で、じゃあ少年が焼かれたか、というと現在確認するすべはありません。焚書リストは存在しませんし、記事でも焼かれた本は分かりません。ただ当時売れっ子の手塚治虫が批判にあった事も事実ですし、マンガがバッシングを受けたのもまた事実です。故に状況から考えれば手塚治虫の書いたマンガ「も」焼かれたことは否定はできません。しかしながら手塚治虫が「真っ先に焼かれた」は事実誤認と考えます。真っ先に焼かれたのは「ワイセツ本」です。
今日の新聞を見ると、猥本が三十七種も一斉に手入れされたようである*1。(中略)こうして街に氾濫する猥本のために青少年が毒されてゆき、青少年の性的犯罪のかげに猥本があるというものでは黙っていられず、赤坂母の会の母親たちは昨年六月の猥本を各人の家、近隣の家から持ち寄って、何百冊かを焼いた。
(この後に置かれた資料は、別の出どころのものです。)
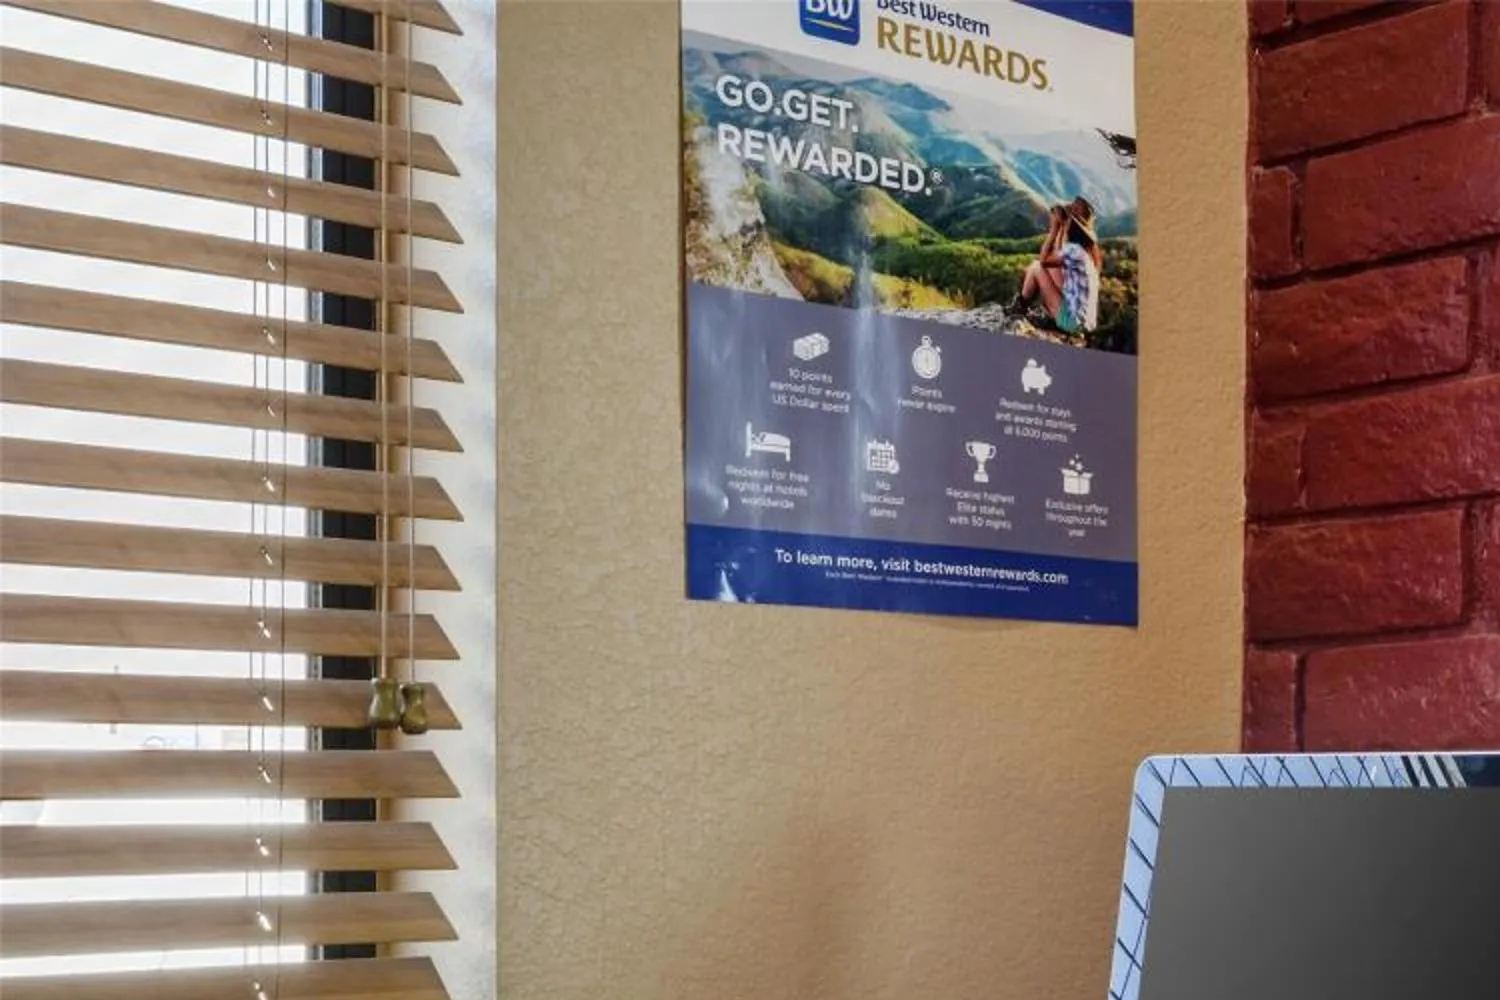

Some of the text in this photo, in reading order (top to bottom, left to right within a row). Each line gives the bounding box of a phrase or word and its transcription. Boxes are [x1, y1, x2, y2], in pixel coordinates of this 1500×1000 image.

[920, 3, 990, 37] Western
[772, 395, 787, 406] US
[789, 396, 820, 409] Dollar
[775, 549, 793, 563] To
[796, 551, 833, 567] learn
[837, 555, 877, 571] more,
[881, 557, 910, 572] visit
[914, 559, 1069, 586] bestwesternrewards.com
このやり方は随分ヒステリックで大人気ない、という批評も受けたが、これは、恥を知らぬ悪質出版社、良識にかけた購読者、そして月に百万冊を野放し状態におく当局などに対する母親たちの精一杯のレヂスタンスであるとして拍手を送るむきもあった。
赤坂の母親たちが猥本を焚書の刑に処したことは、その後広く母親たちの間に、悪書への関心を呼び起こした。多くの母親たちは、これをきっかけに正常な神経では制止できぬような猥本の実態を知るようになった。母親たちは驚きあきれ、怒りに燃え、当然、排撃の声を挙げた。
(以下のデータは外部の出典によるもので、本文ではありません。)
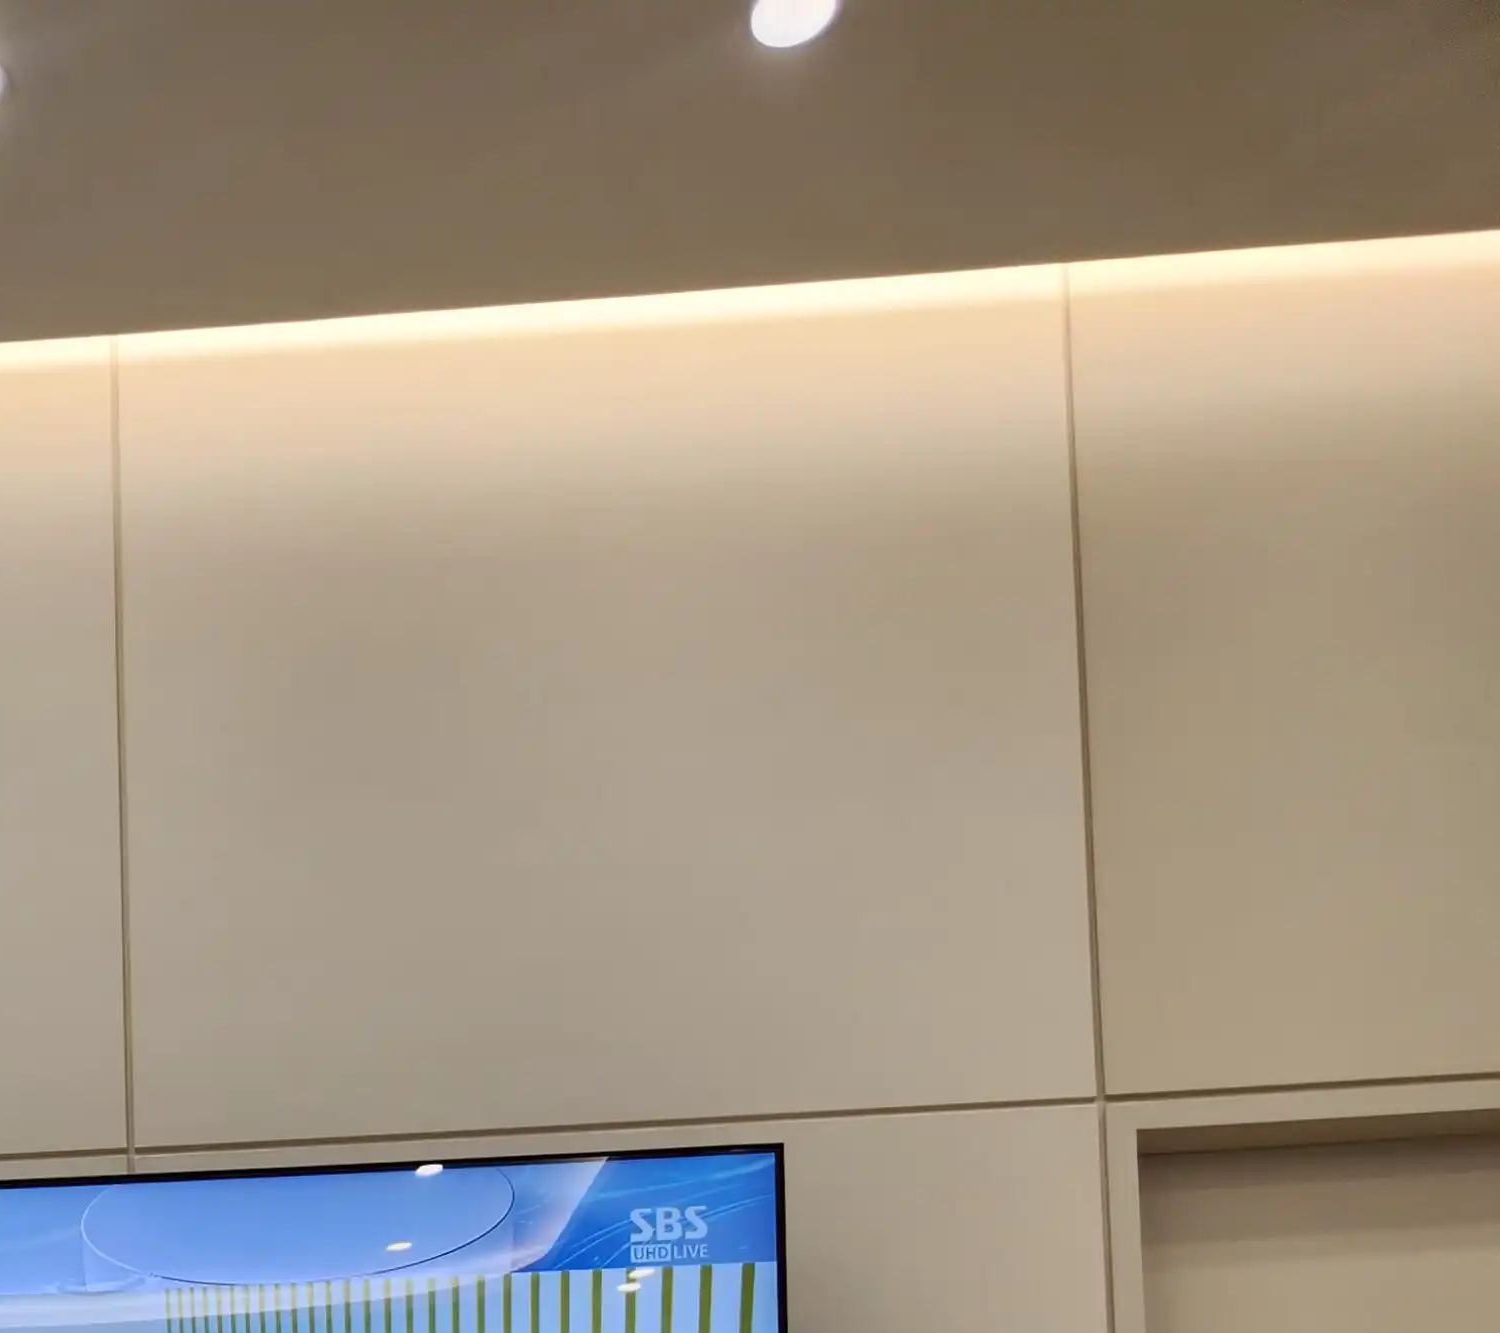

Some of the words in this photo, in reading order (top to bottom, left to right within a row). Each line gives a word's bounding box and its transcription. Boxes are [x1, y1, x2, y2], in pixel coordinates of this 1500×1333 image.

[630, 1205, 708, 1242] SBS
[632, 1245, 670, 1261] UHD
[674, 1244, 709, 1259] LIVE
『国民』 清水慶子「猥本や悪書の追放に効果をあげた母親たち」1955
当時の雑誌に書いてある様にまずはエログロの内、特にエロが標的にされています。この話をした後に清水慶子はマンガ本へとその矛先を向けていますので、マンガ本が批判されたことは不変ですが、順序としてはワイセツ本からのマンガ本です。ちなみに清水慶子の話の中では手塚治虫の名前は出てきません。というか、手塚治虫以外、手塚治虫のマンガが焼かれたという記事や記述はないので、明確な裏付けはほぼ不可能です。一応付け加えておきますが、手塚治虫の証言が信用ならないというわけではなく、「裏付け」ができないというだけです*2。
◆手塚治虫の自著について
1)『ぼくはマンガ家』(毎日新聞社・1969)
該当箇所は「悪書追放運動に関する手塚治虫の1969年における回想」で確認可能です。
“悪書追放”は、主に青年向きの三流雑誌が対象だったが、やがて矛先が子供漫画に向けられてきた。
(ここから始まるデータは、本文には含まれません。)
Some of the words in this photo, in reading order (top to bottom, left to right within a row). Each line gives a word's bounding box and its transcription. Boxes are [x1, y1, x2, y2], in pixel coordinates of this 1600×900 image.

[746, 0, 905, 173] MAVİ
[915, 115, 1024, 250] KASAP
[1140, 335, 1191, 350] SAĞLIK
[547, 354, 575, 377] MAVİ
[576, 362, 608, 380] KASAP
とあるように、手塚治虫自身がまずは三流雑誌*3が対象だったと述懐しています。
岡山のPTAでは、エロ雑誌などと共に漫画本が、火で焼かれた。魔女裁判のような判決であった。全国的に漫画批判運動が活発化し、不買同盟や自粛要求が呼びかわされ、とうとう、児漫長屋(注:手塚治虫が参加していた漫画創作集団)は総員が集会を開いて、対策を話し合った
それとこの項目では鉄腕アトムが燃やされたとも言ってないし、手塚自身は自分の本が焼かれたとは認識してない。あと、岡山のPTAが焼いたは当時のニュースなのか、伝聞なのか不明ですが、少なくとも現在に残る三大新聞の記事にはそういった記事は見当たりません。地方紙ならばある可能性も……、ですがそこまで行くと当方には確認無理です。
ちなみにこの『ぼくはマンガ家』の手塚治虫の書き方には時系列の混乱が見受けられます。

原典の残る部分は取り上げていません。